Data, AI, and Consumer Insights
My research explores how businesses and consumers interact with digital content, particularly in e-commerce and online platforms. I analyze large-scale datasets, spanning product descriptions, consumer discussions, and metadata, to extract insights that enhance digital marketing and business decision-making. While much of my work focuses on text analysis, I also explore interdisciplinary approaches that incorporate visual and contextual data.
I investigate questions such as:
How can AI improve the accuracy of product information in large datasets?
How do consumer discussions shape product perception and brand engagement?
What role does unstructured data, text, images, and metadata play in digital marketing analytics?
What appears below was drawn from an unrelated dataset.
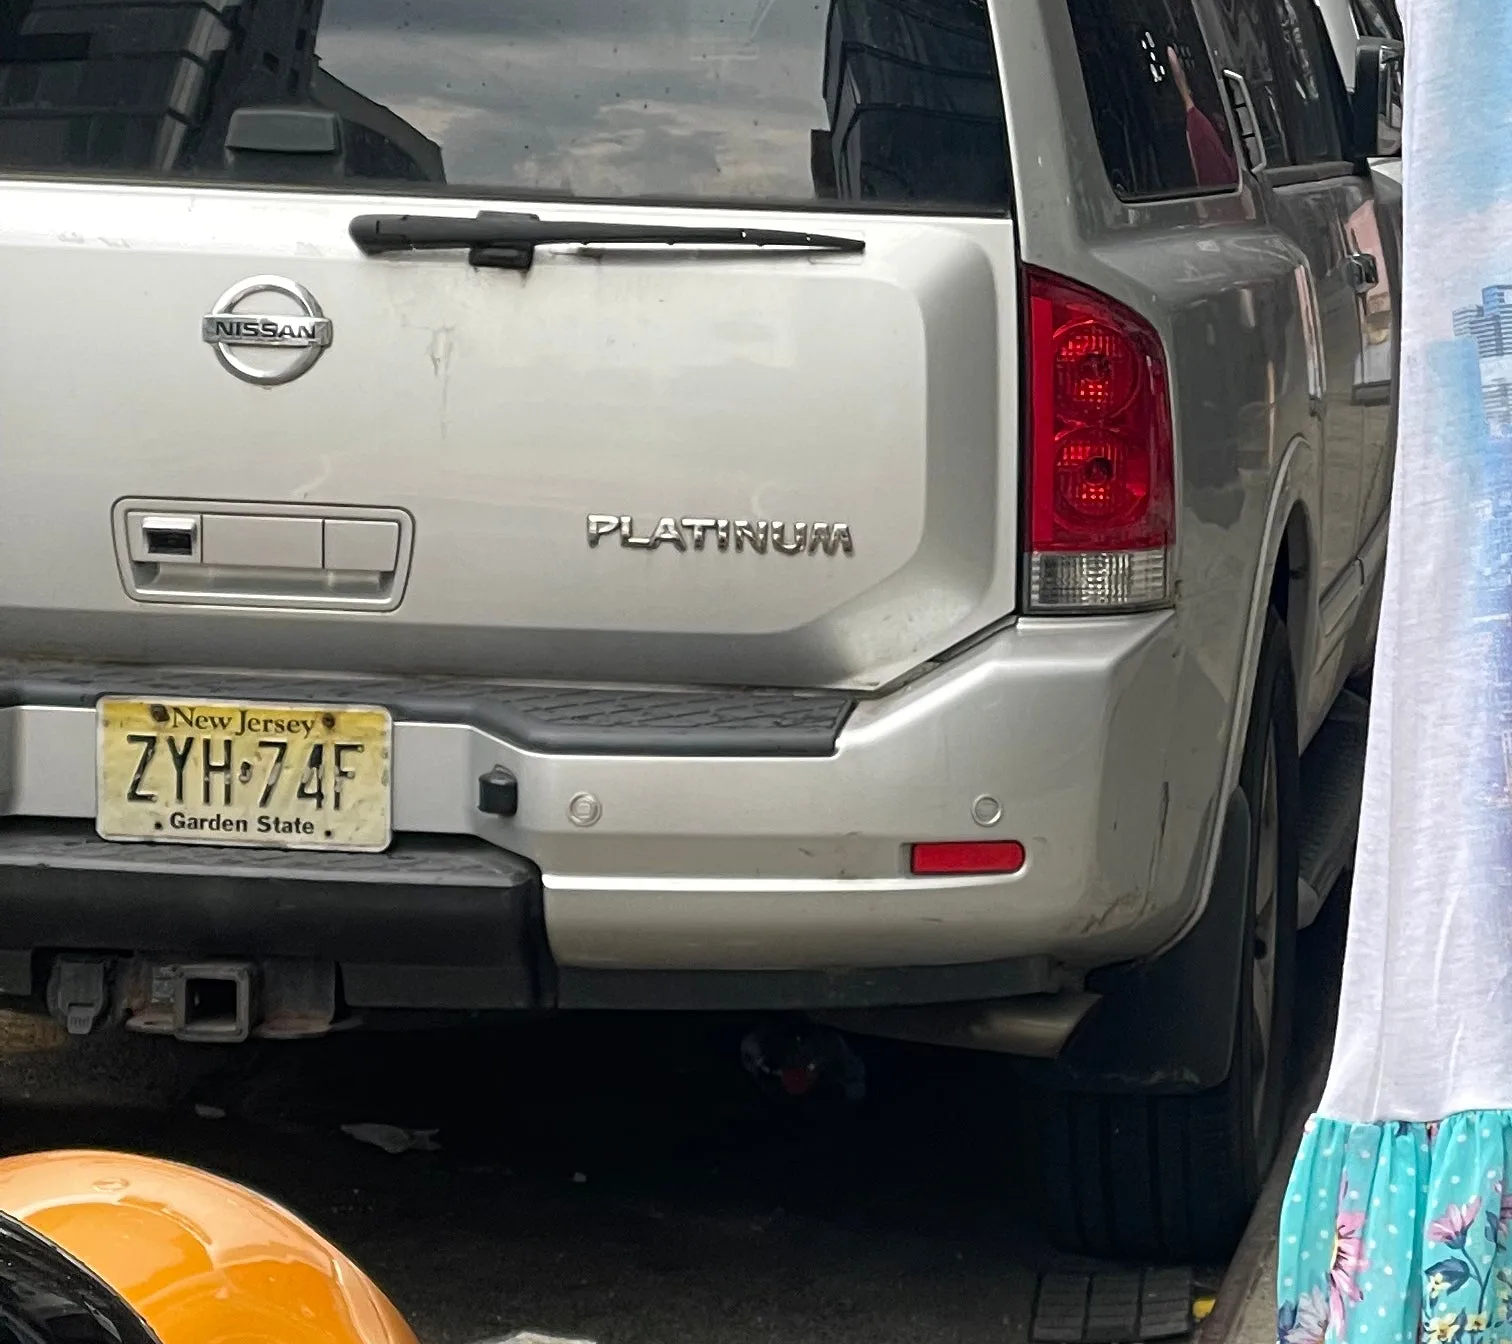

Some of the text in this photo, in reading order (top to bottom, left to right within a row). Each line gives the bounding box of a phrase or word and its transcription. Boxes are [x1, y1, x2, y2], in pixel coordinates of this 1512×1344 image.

[215, 320, 316, 340] NISSAN
[587, 513, 854, 555] PLATINUM
[171, 706, 316, 739] New Jersey
[170, 812, 315, 835] Garden State
Using NLP, machine learning, and generative AI models, I analyze patterns in consumer-generated data to uncover insights that drive better marketing and business strategies.
Ongoing Projects
I am currently working on projects related to:
Sensory Cues and Consumer Perception in Digital Environments
I explore how verbal and visual elements, especially color, shape consumer attention, expectations, and trust in online shopping contexts. This stream combines large-scale review analysis, NLP, and generative AI models to study how consumers process color-related cues in text and images.
AI-Powered Product Data Enhancement
Using LLMs and lexicon-based tools, I develop techniques to improve product metadata quality (e.g., attributes like color, material) across large e-commerce datasets.
Consumer Conversations & Market Trends
I apply topic modeling and rhetorical analysis to understand how consumer-generated text reflects product experience and influences engagement metrics like review helpfulness.